(HOW TO COMPLETE THIS TASK):
Could you restate the whole listing word for word?

[[ EXTRACTED DATA open ]]

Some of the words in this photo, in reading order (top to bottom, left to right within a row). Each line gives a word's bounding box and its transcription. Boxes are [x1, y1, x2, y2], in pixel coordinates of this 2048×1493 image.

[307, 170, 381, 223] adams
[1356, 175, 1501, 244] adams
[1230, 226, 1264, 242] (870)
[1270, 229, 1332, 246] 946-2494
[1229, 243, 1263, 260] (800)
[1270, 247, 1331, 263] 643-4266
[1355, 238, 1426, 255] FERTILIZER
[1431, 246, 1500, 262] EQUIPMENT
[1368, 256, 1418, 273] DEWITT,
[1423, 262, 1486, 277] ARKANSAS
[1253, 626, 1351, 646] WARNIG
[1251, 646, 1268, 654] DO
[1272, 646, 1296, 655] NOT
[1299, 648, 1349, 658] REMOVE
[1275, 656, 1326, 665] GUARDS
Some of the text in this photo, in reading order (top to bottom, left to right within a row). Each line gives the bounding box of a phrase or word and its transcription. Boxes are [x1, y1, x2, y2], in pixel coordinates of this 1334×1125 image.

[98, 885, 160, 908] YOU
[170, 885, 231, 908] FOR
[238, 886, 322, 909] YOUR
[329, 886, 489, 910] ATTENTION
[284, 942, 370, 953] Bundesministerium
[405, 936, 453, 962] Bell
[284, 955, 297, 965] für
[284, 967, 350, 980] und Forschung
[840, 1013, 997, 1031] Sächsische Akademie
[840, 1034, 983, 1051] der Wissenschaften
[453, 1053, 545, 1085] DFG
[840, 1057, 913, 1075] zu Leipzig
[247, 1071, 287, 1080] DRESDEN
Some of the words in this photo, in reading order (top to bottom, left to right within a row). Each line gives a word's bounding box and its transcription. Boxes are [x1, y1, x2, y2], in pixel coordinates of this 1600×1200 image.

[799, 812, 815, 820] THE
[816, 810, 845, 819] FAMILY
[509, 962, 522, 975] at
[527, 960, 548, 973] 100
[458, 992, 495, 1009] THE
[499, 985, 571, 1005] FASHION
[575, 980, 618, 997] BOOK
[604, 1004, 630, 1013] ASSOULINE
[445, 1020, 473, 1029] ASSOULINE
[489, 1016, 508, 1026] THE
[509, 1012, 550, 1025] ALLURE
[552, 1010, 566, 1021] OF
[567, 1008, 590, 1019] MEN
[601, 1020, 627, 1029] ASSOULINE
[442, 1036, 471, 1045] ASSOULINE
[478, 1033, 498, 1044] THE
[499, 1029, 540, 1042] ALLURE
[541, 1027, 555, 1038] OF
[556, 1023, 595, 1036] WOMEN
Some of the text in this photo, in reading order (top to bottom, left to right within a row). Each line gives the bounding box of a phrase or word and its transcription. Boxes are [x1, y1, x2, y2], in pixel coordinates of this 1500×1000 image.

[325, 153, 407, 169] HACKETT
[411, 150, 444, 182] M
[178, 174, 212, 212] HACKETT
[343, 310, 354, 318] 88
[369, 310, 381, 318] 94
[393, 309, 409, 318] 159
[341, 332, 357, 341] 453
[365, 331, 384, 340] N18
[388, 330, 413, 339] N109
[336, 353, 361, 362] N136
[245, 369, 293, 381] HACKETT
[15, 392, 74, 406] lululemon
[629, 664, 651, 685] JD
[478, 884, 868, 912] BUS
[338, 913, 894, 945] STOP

[[ EXTRACTED DATA closed ]]

(SOLUTION TO THE EXERCISE):
Some of the words in this photo, in reading order (top to bottom, left to right within a row). Each line gives a word's bounding box and its transcription. Boxes are [x1, y1, x2, y2], in pixel coordinates of this 2048×1493 image.

[307, 170, 381, 223] adams
[1356, 175, 1501, 244] adams
[1230, 226, 1264, 242] (870)
[1270, 229, 1332, 246] 946-2494
[1229, 243, 1263, 260] (800)
[1270, 247, 1331, 263] 643-4266
[1355, 238, 1426, 255] FERTILIZER
[1431, 246, 1500, 262] EQUIPMENT
[1368, 256, 1418, 273] DEWITT,
[1423, 262, 1486, 277] ARKANSAS
[1253, 626, 1351, 646] WARNIG
[1251, 646, 1268, 654] DO
[1272, 646, 1296, 655] NOT
[1299, 648, 1349, 658] REMOVE
[1275, 656, 1326, 665] GUARDS
Some of the text in this photo, in reading order (top to bottom, left to right within a row). Each line gives the bounding box of a phrase or word and its transcription. Boxes are [x1, y1, x2, y2], in pixel coordinates of this 1334×1125 image.

[98, 885, 160, 908] YOU
[170, 885, 231, 908] FOR
[238, 886, 322, 909] YOUR
[329, 886, 489, 910] ATTENTION
[284, 942, 370, 953] Bundesministerium
[405, 936, 453, 962] Bell
[284, 955, 297, 965] für
[284, 967, 350, 980] und Forschung
[840, 1013, 997, 1031] Sächsische Akademie
[840, 1034, 983, 1051] der Wissenschaften
[453, 1053, 545, 1085] DFG
[840, 1057, 913, 1075] zu Leipzig
[247, 1071, 287, 1080] DRESDEN
Some of the words in this photo, in reading order (top to bottom, left to right within a row). Each line gives a word's bounding box and its transcription. Boxes are [x1, y1, x2, y2], in pixel coordinates of this 1600×1200 image.

[799, 812, 815, 820] THE
[816, 810, 845, 819] FAMILY
[509, 962, 522, 975] at
[527, 960, 548, 973] 100
[458, 992, 495, 1009] THE
[499, 985, 571, 1005] FASHION
[575, 980, 618, 997] BOOK
[604, 1004, 630, 1013] ASSOULINE
[445, 1020, 473, 1029] ASSOULINE
[489, 1016, 508, 1026] THE
[509, 1012, 550, 1025] ALLURE
[552, 1010, 566, 1021] OF
[567, 1008, 590, 1019] MEN
[601, 1020, 627, 1029] ASSOULINE
[442, 1036, 471, 1045] ASSOULINE
[478, 1033, 498, 1044] THE
[499, 1029, 540, 1042] ALLURE
[541, 1027, 555, 1038] OF
[556, 1023, 595, 1036] WOMEN
Some of the text in this photo, in reading order (top to bottom, left to right within a row). Each line gives the bounding box of a phrase or word and its transcription. Boxes are [x1, y1, x2, y2], in pixel coordinates of this 1500×1000 image.

[325, 153, 407, 169] HACKETT
[411, 150, 444, 182] M
[178, 174, 212, 212] HACKETT
[343, 310, 354, 318] 88
[369, 310, 381, 318] 94
[393, 309, 409, 318] 159
[341, 332, 357, 341] 453
[365, 331, 384, 340] N18
[388, 330, 413, 339] N109
[336, 353, 361, 362] N136
[245, 369, 293, 381] HACKETT
[15, 392, 74, 406] lululemon
[629, 664, 651, 685] JD
[478, 884, 868, 912] BUS
[338, 913, 894, 945] STOP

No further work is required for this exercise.